**ABOUT THIS TASK:** Return the records word for word. Any pictures in them are not part of the copy.

[Records drawn from a dataset]
____________________

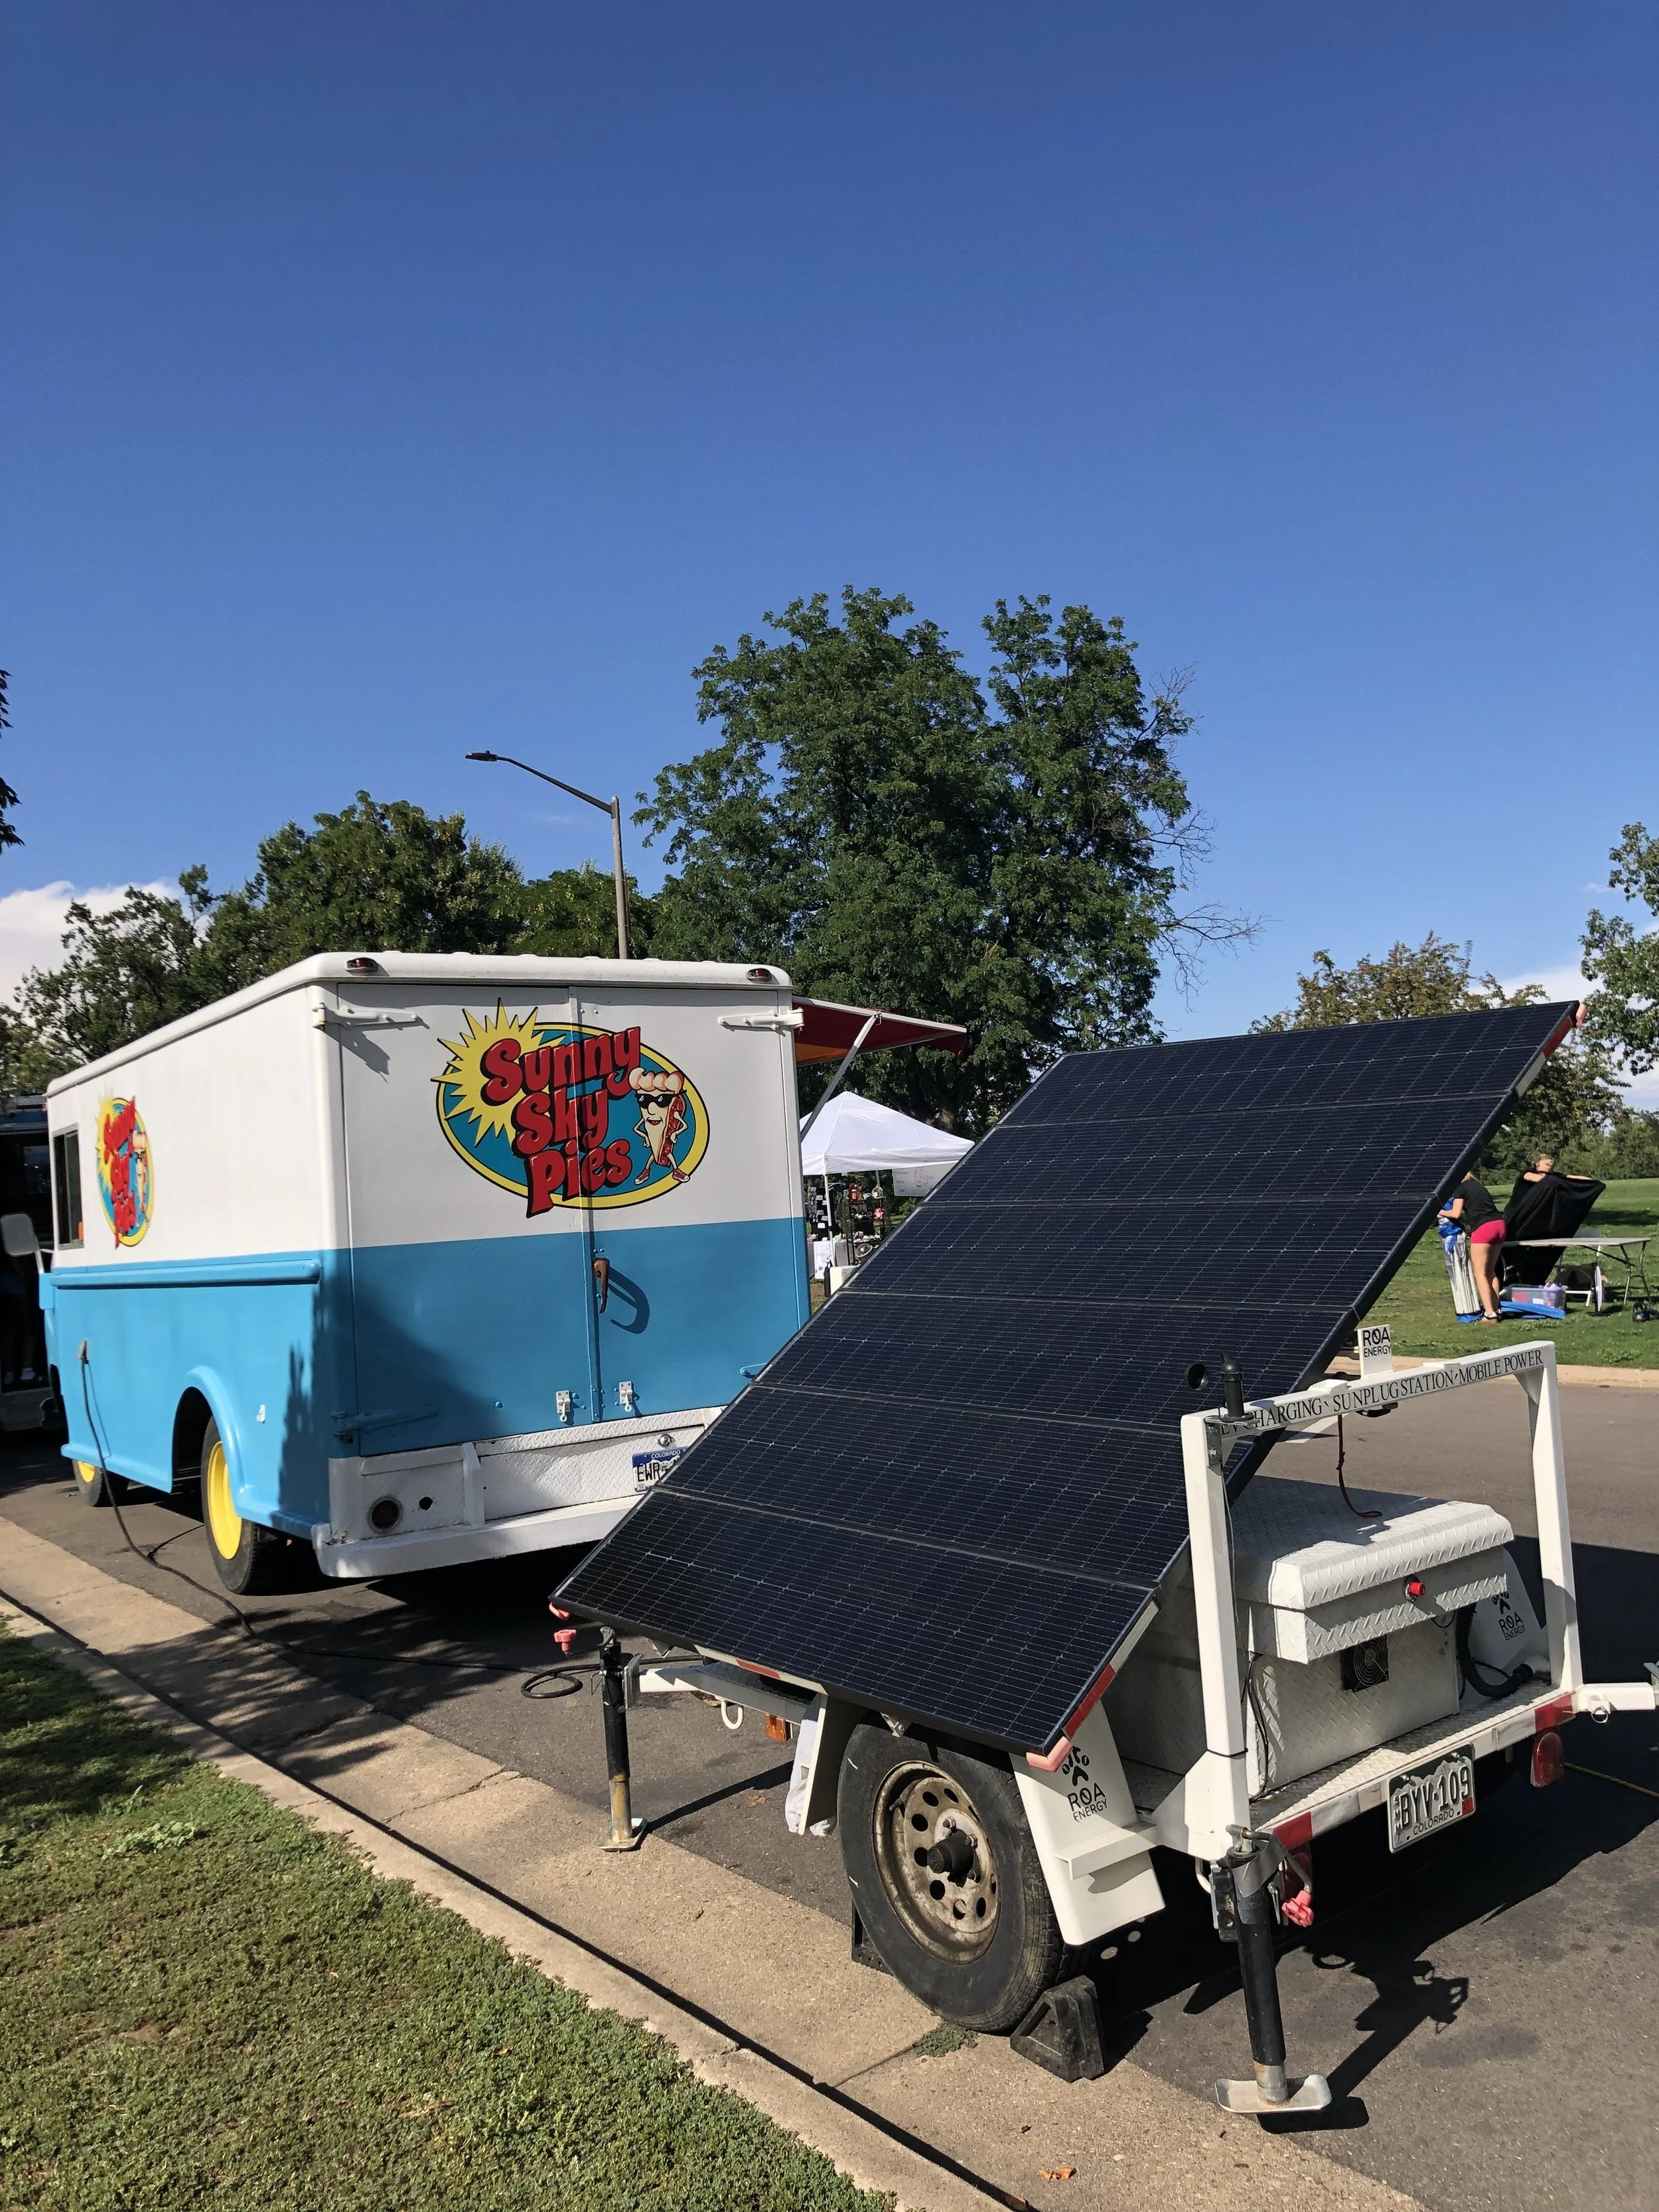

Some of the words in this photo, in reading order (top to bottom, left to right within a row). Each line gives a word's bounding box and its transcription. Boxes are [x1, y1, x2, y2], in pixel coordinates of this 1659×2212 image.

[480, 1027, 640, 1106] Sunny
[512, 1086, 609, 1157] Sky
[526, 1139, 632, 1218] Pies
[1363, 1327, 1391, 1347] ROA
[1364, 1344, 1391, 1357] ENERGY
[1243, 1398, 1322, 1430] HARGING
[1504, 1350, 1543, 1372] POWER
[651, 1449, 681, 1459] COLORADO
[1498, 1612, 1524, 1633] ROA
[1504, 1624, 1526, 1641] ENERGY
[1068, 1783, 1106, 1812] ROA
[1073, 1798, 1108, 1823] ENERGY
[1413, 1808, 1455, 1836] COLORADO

____________________

**YOUR SOLUTION:**
Some of the words in this photo, in reading order (top to bottom, left to right within a row). Each line gives a word's bounding box and its transcription. Boxes are [x1, y1, x2, y2], in pixel coordinates of this 1659×2212 image.

[480, 1027, 640, 1106] Sunny
[512, 1086, 609, 1157] Sky
[526, 1139, 632, 1218] Pies
[1363, 1327, 1391, 1347] ROA
[1364, 1344, 1391, 1357] ENERGY
[1243, 1398, 1322, 1430] HARGING
[1504, 1350, 1543, 1372] POWER
[651, 1449, 681, 1459] COLORADO
[1498, 1612, 1524, 1633] ROA
[1504, 1624, 1526, 1641] ENERGY
[1068, 1783, 1106, 1812] ROA
[1073, 1798, 1108, 1823] ENERGY
[1413, 1808, 1455, 1836] COLORADO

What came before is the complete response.